As new guy in the men’s group, his job was making coffee for the church basement meeting and placing grey metal folding chairs in a circle as perfectly round as a piston ring. Eleven men. They did understand. The pain, sure, but everyone suffers pain, more important, they shared something of their struggle. That honesty drew him in. Passing a carved shillelagh around the circle, they took turns speaking of loss, of a father, a soldier son, a mother… Now, Arthur, the oldest, spoke. “Lois and I were married fifty-three years. We grew up together.” Arthur looked at the stick in his hands, then glared defiantly around the circle. “I’ve spent my whole life with her. Since we were kids.” He paused. They were silent. No one had to be anywhere but here. Arthur could take all the time he wanted. “Last night—it’s been a little over a week now—last night, half asleep, I reached across the bed, to touch…” He stalled for self-control. Words were failing. Arthur summed it up, “I want to thank you fellas, I, uh, really don’t know how to do this.”
He passed the talking stick on to the next man, who respectfully guarded silence before speaking. He didn’t detail his own loss, just how he felt and, reticent, raised questions he couldn’t ask elsewhere. “Still angry a lot. Or down in the dumps. I wonder how the world goes on as if nothing happened, how people can care about baseball or the weather.”
These men, like him, had no emotional capital for the petty, for light and pointless talk, had too often found themselves thinking, who gives a fuck?

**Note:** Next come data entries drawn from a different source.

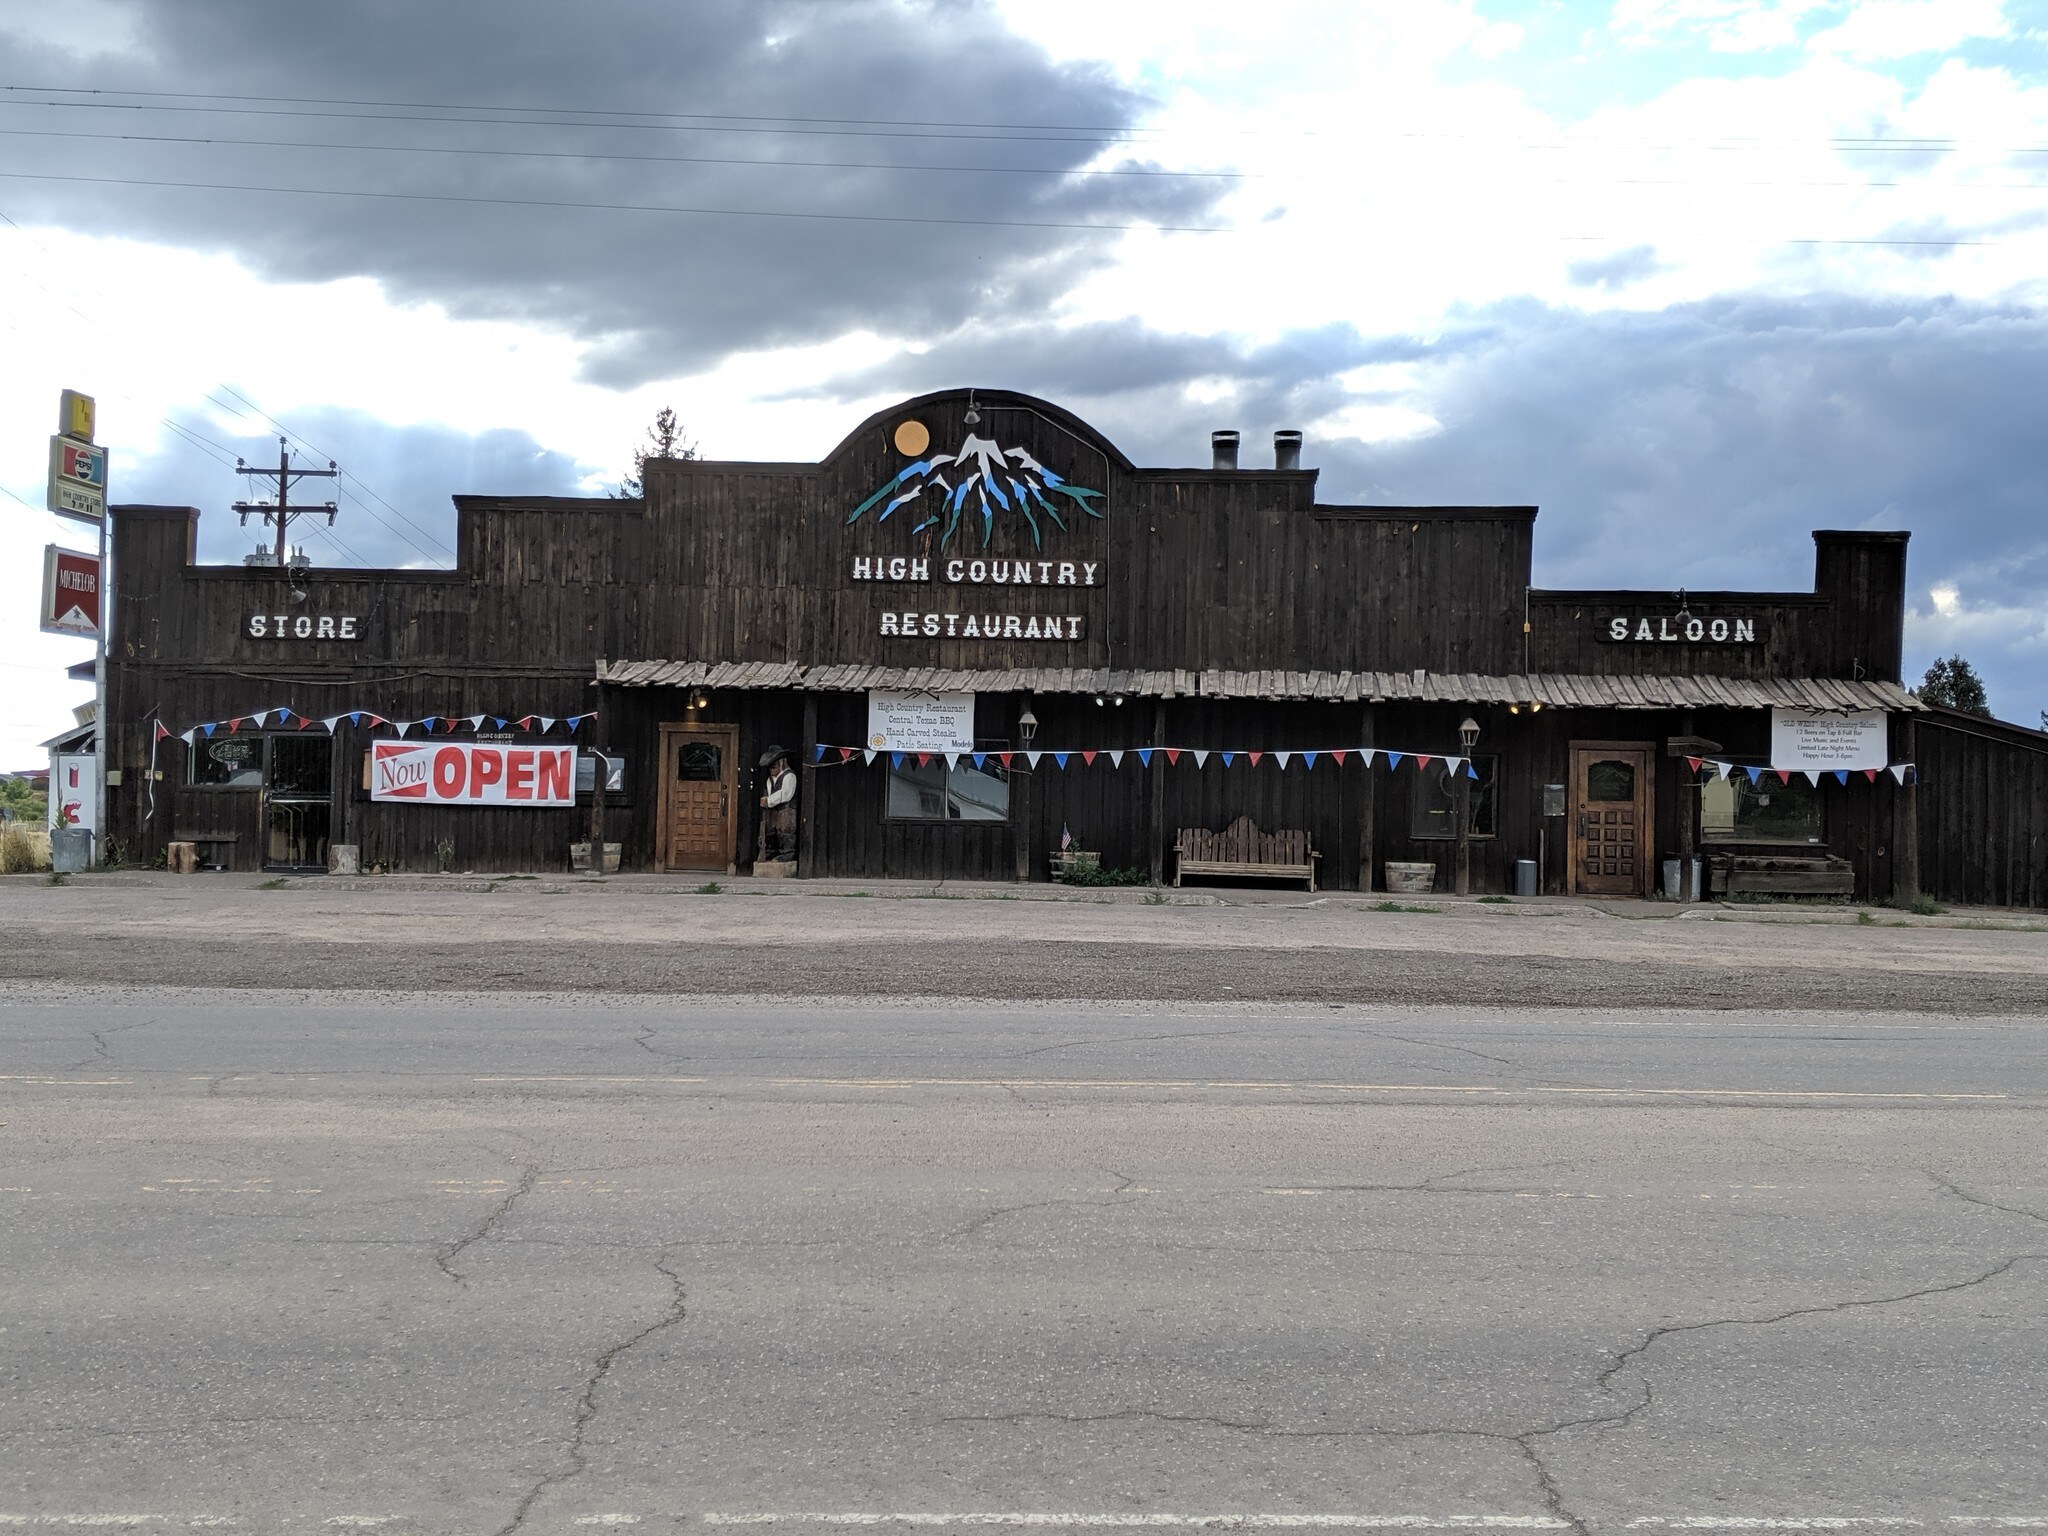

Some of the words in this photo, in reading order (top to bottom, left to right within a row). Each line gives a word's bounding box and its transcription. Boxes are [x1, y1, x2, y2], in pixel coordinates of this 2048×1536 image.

[75, 459, 92, 471] PEPSI
[852, 557, 929, 581] HIGH
[947, 560, 1098, 585] COUNTRY
[59, 569, 95, 593] MICHELOB
[249, 615, 357, 639] STORE
[880, 613, 1082, 639] RESTAURANT
[1609, 618, 1755, 642] SALOON
[877, 702, 894, 713] High
[897, 703, 924, 714] Country
[926, 703, 967, 713] Restaurant
[888, 715, 913, 724] Central
[916, 716, 937, 724] Texas
[939, 716, 955, 726] BBQ
[1820, 720, 1834, 729] High
[1836, 721, 1858, 729] Country
[886, 727, 904, 736] Hand
[907, 728, 930, 737] Carved
[933, 729, 957, 738] Steaks
[896, 740, 915, 748] Patio
[917, 741, 943, 752] Seating
[433, 746, 573, 801] OPEN

Each spoke, then, last, a young bearded guy said, “It’s been good to go on, you know, slog one foot then the other forward. It’s natural, sure, to want to avoid pain. But it’s wrong not to feel it.” He studied the shillelagh. “So. I guess I’m learning what’s beyond my control; don’t spin my wheels so much.”

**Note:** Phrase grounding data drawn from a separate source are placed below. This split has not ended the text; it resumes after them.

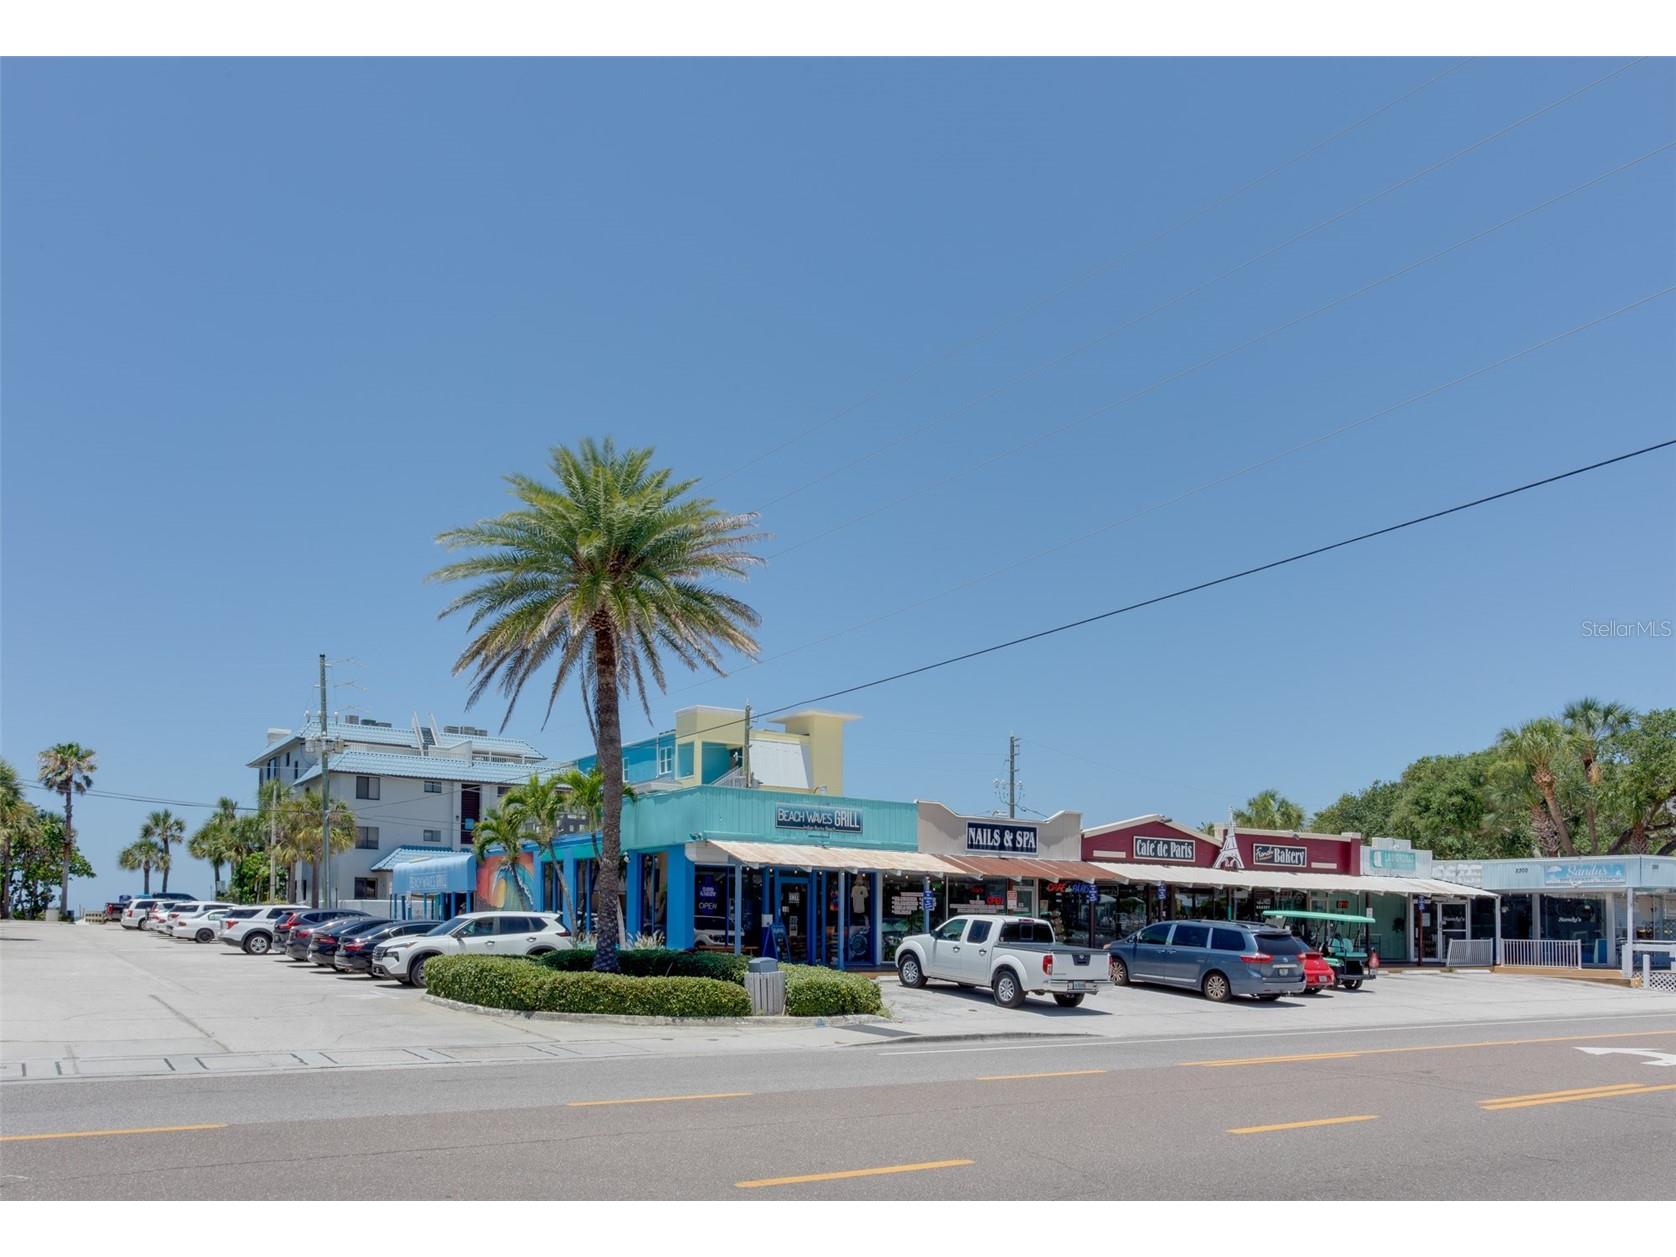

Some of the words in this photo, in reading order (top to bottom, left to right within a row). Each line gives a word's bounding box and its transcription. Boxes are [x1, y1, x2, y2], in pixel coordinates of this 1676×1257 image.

[777, 808, 805, 823] BEACH
[806, 811, 833, 825] WAVES
[834, 810, 860, 828] GRILL
[968, 827, 1001, 847] NAILS
[1003, 829, 1013, 847] &
[1016, 830, 1036, 849] SPA
[1136, 839, 1157, 857] Café
[1157, 840, 1168, 857] de
[1170, 842, 1193, 859] Paris
[1274, 848, 1305, 866] Bakery

They closed the meeting with a prayer. He’d come mostly to listen, didn’t say much. He learned he wasn’t crazy. Their example taught him to be kind to himself, to dwell a little on memories of loved ones. Before, if Alma had caught him reviewing the photo albums’ former, happier life, she’d probably have admonished him, maybe even reported him to ‘the doctor’, the PhD having become such an authority. But psychically, Alma was gone. Alone, he studied the photo albums’ frozen-in-time images of Genevieve, now rotting in a cement box. He tried to see—had he missed something in their shared past? There was Jenny with her cat. What’s-its-name. Shorty. Well, she named it. He remembered the day Shorty had been run over and was dying on the lawn. The driver stopped and got out, apologetic, offering to pay for a vet. “He just ran across in front of us.”
There was nothing to do. Alma, the diplomat, spoke for him, told the driver, “No. It couldn’t be helped. It was no one’s fault.”

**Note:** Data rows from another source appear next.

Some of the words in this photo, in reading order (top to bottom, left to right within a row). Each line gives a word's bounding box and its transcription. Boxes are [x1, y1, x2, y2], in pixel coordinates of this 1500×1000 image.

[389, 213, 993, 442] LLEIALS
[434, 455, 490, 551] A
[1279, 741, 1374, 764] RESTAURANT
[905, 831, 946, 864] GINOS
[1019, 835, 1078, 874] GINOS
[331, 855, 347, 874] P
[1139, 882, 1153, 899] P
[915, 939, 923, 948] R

A sad-faced child watched from the minivan. They drove on.
Jenny, impassive, was focused on Shorty’s last nervous twitching. He placed his hand on her shoulder—So frail—said nothing. The sorrow of our children. He wished he could withdraw pain, as though a venom, through his hand on her shoulder. Maybe, in a way, he had done something like that. Later, that night when he was tucking her in she said, “Dad, Shorty said goodbye to me.”
He nodded, relieved that she finally spoke. “My father once told me that when we go to heaven all our pets come running to greet us.”
She thought about it. “The goldfish, too? The one we had to flush down the toilet?”
“Mhmm. It’ll be in the toilet up there.”
“I’ll put it back in a fish bowl.”
She was tired. He kissed her on the forehead, and in that kiss he willed a protective blanket, forever sheltering her from all pain. “Good night.”
Coldly, intellectually, he acknowledged the loss, and even the chaos of random events without ‘morality’; Nature doesn’t care. Still, it didn’t make emotional sense. There’d even been denial, or attempts at denial. He saw her! Genevieve! At the Mall! Going into The Gap… Could it be? His rational mind gave way, surrendered to the power of hope. He followed Jenny and the woman into the store, approached them cautiously, fearful. He looked at the child. No; not her. With a sigh he released the evanescent promise, the mirage of his wish. That was the first time. There were others, peripheral, proving false directly, then there were no more miraculous incarnations; his daughter was dead. Again and again, he had to relearn that word’s finality. Like going away, to stay, you know, for good…
At the supermarket he intended to pass by with a simple nod to the bearded guy from the men’s group. “How ya doin.”
“Hear about Arthur?”
He stopped. “No. Why?”
The guy looked over his shoulder down the aisle and lowered his voice. “Filled that old Buick’s tank. Parked in the garage with the motor running. Sealed under the door with blankets. Went to sleep. Forever.”
He didn’t know what to say. “Oh.”
“Not as though he went without warning.”
“How do you mean?”
“I don’t know.” He stroked his beard. “Looking back, it’s no surprise. Came a point, he just stopped talking. I’ve seen it before; secrets kill.”
The guy stared with pale blue eyes. “Arthur was in a lot of pain. Kept it to himself. You know, when life hurts too much?”
He knew, stared back in mutual understanding, nodded, let a beat pass. “Well, take care.”
“Yeah. You, too.”
They parted, he carrying the phrase in a lot of pain like the sand grain of an oyster’s pearl.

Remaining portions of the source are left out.